WASHINGTON (Reuters) — The number of Americans filing new claims for unemployment benefits fell last week and job cuts declined for a second straight month in December, adding to signs of a strengthening labour market.
Initial claims for state unemployment benefits slipped by 4,000 to a seasonally adjusted 294,000 for the week ended Jan. 3, the Labor Department said on Thursday.
While that was a bit less than Wall Street's expectations of a drop to 290,000, the trend in claims remained consistent with a steadily tightening labour market. At current levels, claims probably have little room to fall further.
The four-week moving average of claims, considered a better measure of labour market trends as it irons out week-to-week volatility, dipped by 250 to 290,500 last week.
It has remained below 300,000 for 17 straight weeks.
U.S. stock futures held gains and U.S. Treasuries trimmed losses after the data. The dollar was up against a basket of currencies.
In a separate report, global outplacement consultancy Challenger, Gray & Christmas said the number of job cuts announced by U.S. employers fell 9.2 per cent in December.
For the whole of 2014, employers announced a total of 483,171 job cuts. That was five per cent fewer than in 2013 and the smallest number since 1997.
"This bodes well for jobseekers who will not only find more employment opportunities in 2015, but will enjoy increased job security once they are in those new positions," said John A. Challenger, CEO of Challenger, Gray & Christmas.
Employment data released so far point to another month of solid job gains in December and support views of a strong labour market this year.
The strengthening job market backdrop could bring the Federal Reserve a step closer to raising its short-term interest rate, which it has kept near zero since December 2008.

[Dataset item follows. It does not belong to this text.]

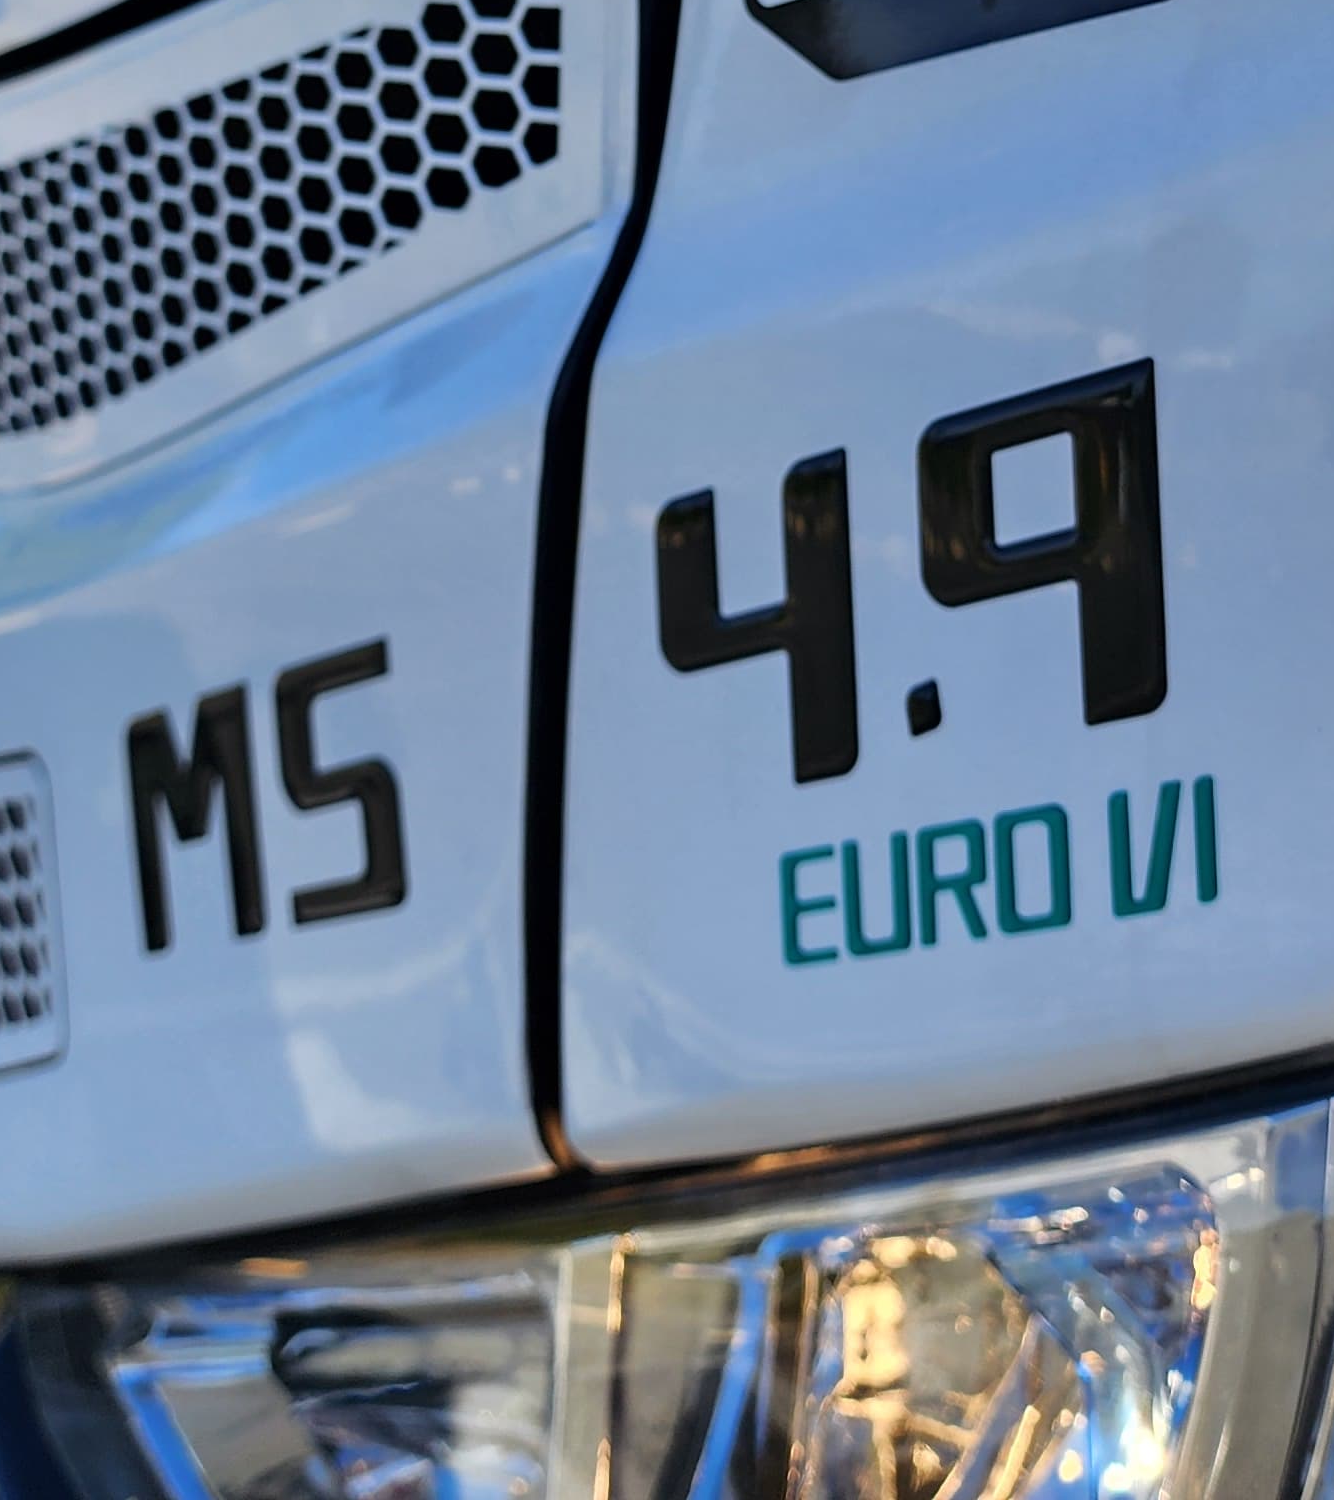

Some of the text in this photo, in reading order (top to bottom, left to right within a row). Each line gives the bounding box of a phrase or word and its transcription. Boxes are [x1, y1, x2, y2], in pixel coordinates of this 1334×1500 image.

[125, 357, 1168, 954] MS 4.9
[780, 774, 1219, 967] EURO VI
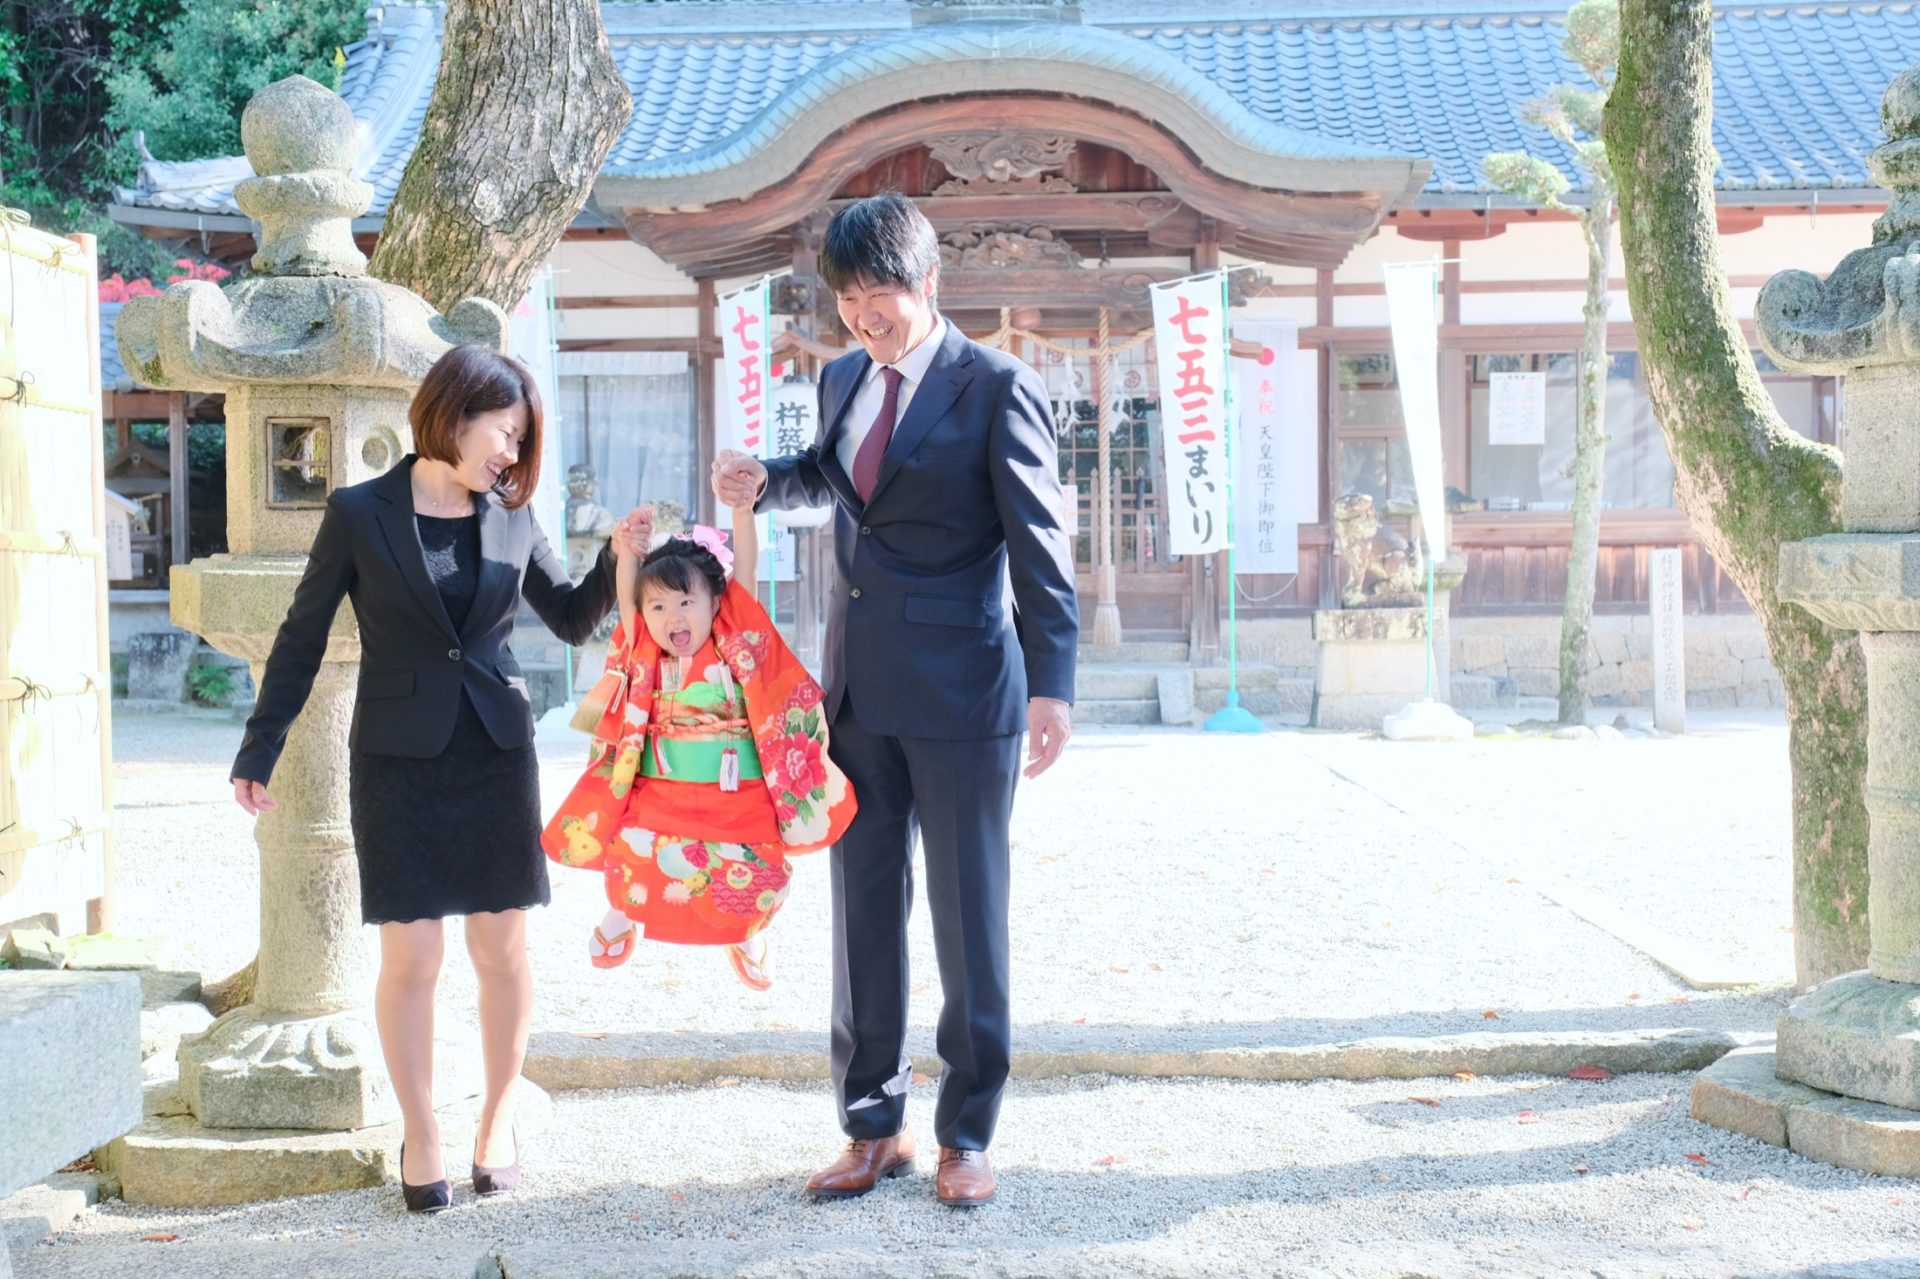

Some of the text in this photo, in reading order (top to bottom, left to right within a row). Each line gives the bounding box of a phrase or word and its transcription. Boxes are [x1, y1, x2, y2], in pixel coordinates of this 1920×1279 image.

In minutes from its Dec. 16-17 policy meeting published on Wednesday, the U.S. central bank said the labour market had improved further and added that slack was continuing to diminish.
Reports on Wednesday showed a jump in small business hiring and another month of solid gains in private payrolls.
A survey of consumers published last week by the Conference Board showed households in December were more upbeat than they had been in several years about the prospect of getting a job.
The government is expected to report on Friday that non-farm payrolls rose by 240,000 in December after surging by 321,000 in November. That would mark the 11th consecutive month of job gains above 200,000, the longest stretch since 1994.
Overall employment gains in 2014 are expected to be the largest since 1999. The unemployment rate is forecast slipping one-tenth of a percentage point to 5.7 per cent in December, which would be the lowest since June 2008.
Thursday's claims report showed the number of people still receiving benefits after an initial week of aid increased by 101,000 to 2.45 million in the week ended Dec. 27.
The four-week average of the so-called continuing claims fell by 17,000 to 2.4 million.